# [WHAT YOU ARE ASKED TO DO]
With the line containing "this 1200×1600 image." as the first and the final line of the entries as the last, repeat exactly the lines in that span, including both.

━━ THE DATA ━━

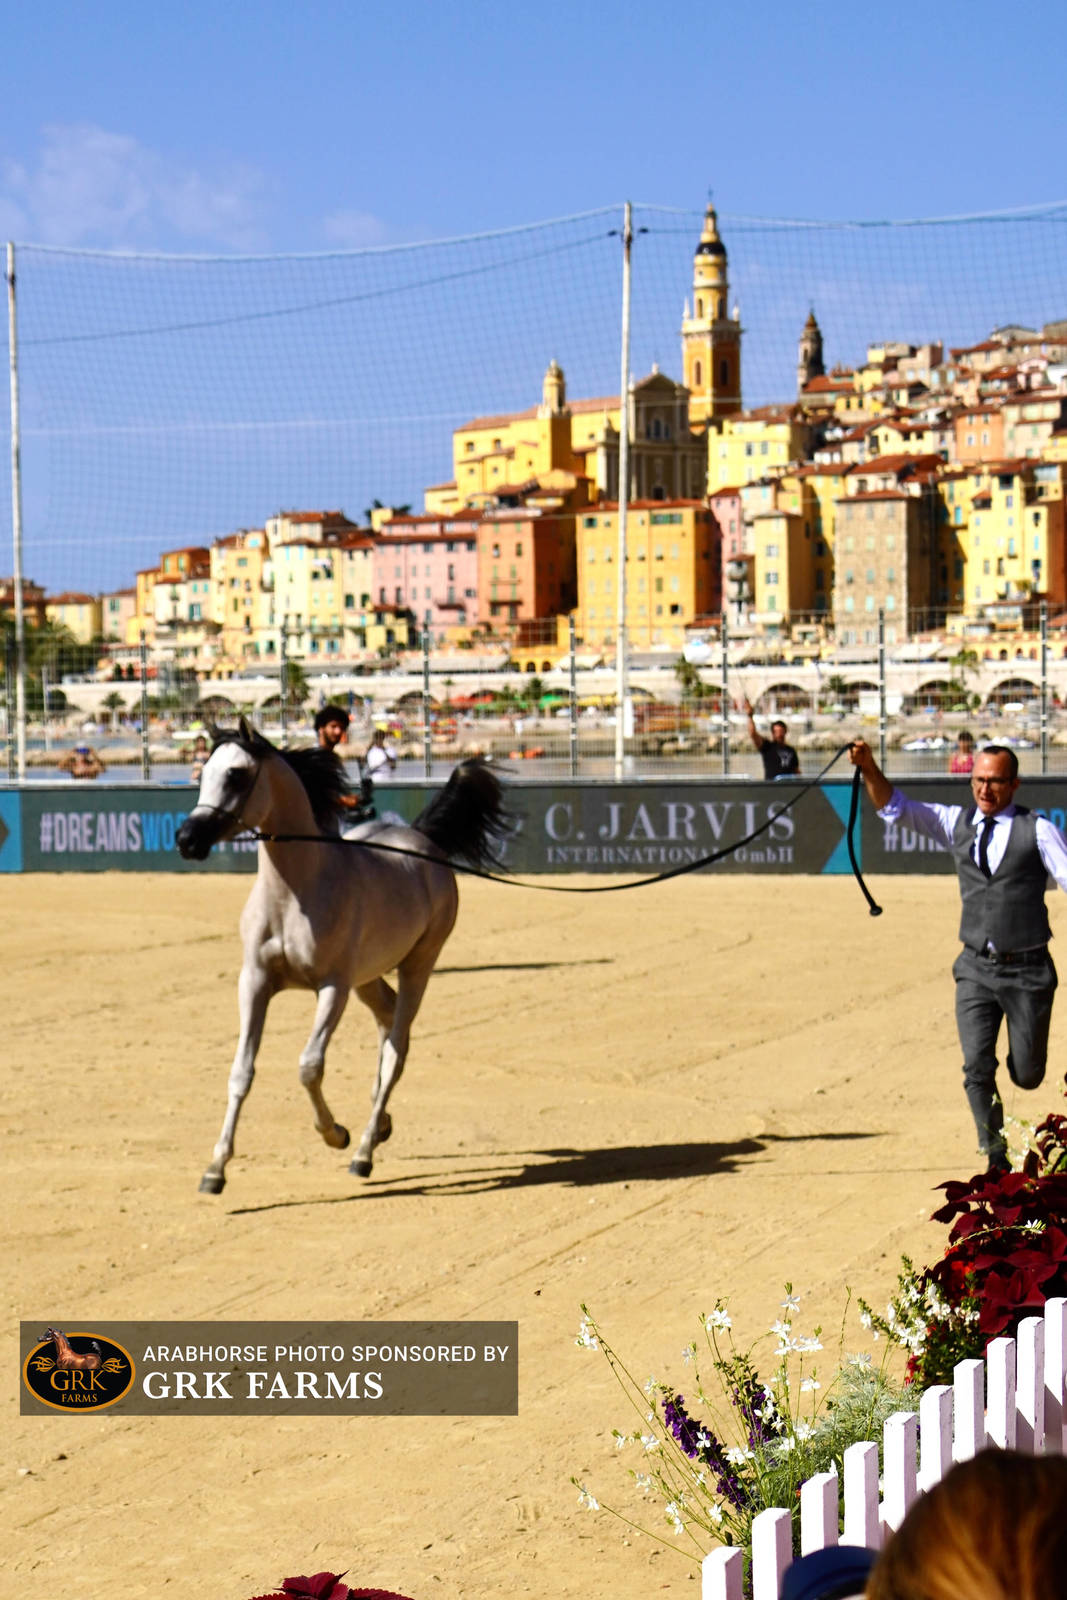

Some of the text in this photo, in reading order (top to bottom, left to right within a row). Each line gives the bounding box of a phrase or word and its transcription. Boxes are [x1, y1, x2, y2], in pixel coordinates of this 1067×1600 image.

[544, 801, 795, 840] C. JARVIS
[734, 846, 793, 863] GmbH
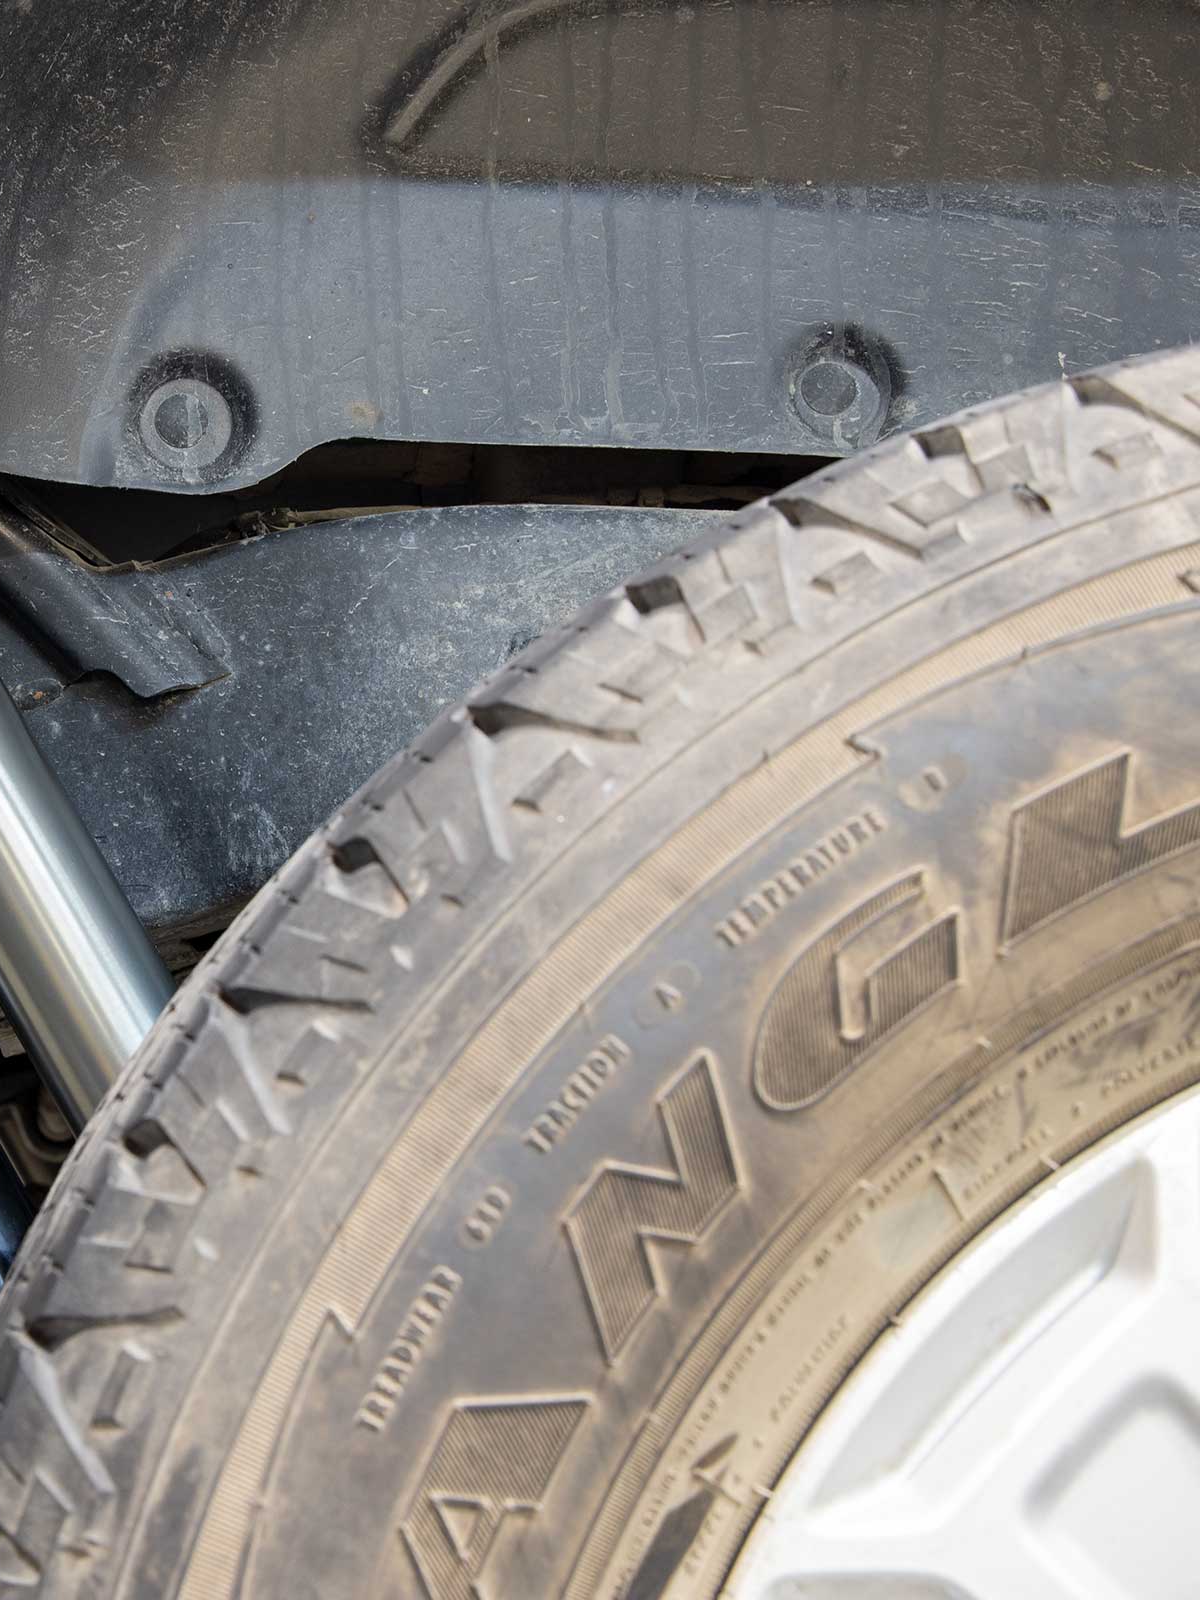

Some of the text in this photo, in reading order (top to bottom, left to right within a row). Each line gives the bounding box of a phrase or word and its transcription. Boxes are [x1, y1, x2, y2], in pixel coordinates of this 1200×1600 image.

[355, 1264, 463, 1434] TREADWEAR
[521, 1034, 630, 1154] TRACTION
[653, 982, 683, 1011] A
[715, 809, 888, 947] TEMPERATURE

━━━

# [TASK RESPONSE]
Some of the text in this photo, in reading order (top to bottom, left to right within a row). Each line gives the bounding box of a phrase or word and its transcription. Boxes are [x1, y1, x2, y2], in pixel coordinates of this 1200×1600 image.

[355, 1264, 463, 1434] TREADWEAR
[521, 1034, 630, 1154] TRACTION
[653, 982, 683, 1011] A
[715, 809, 888, 947] TEMPERATURE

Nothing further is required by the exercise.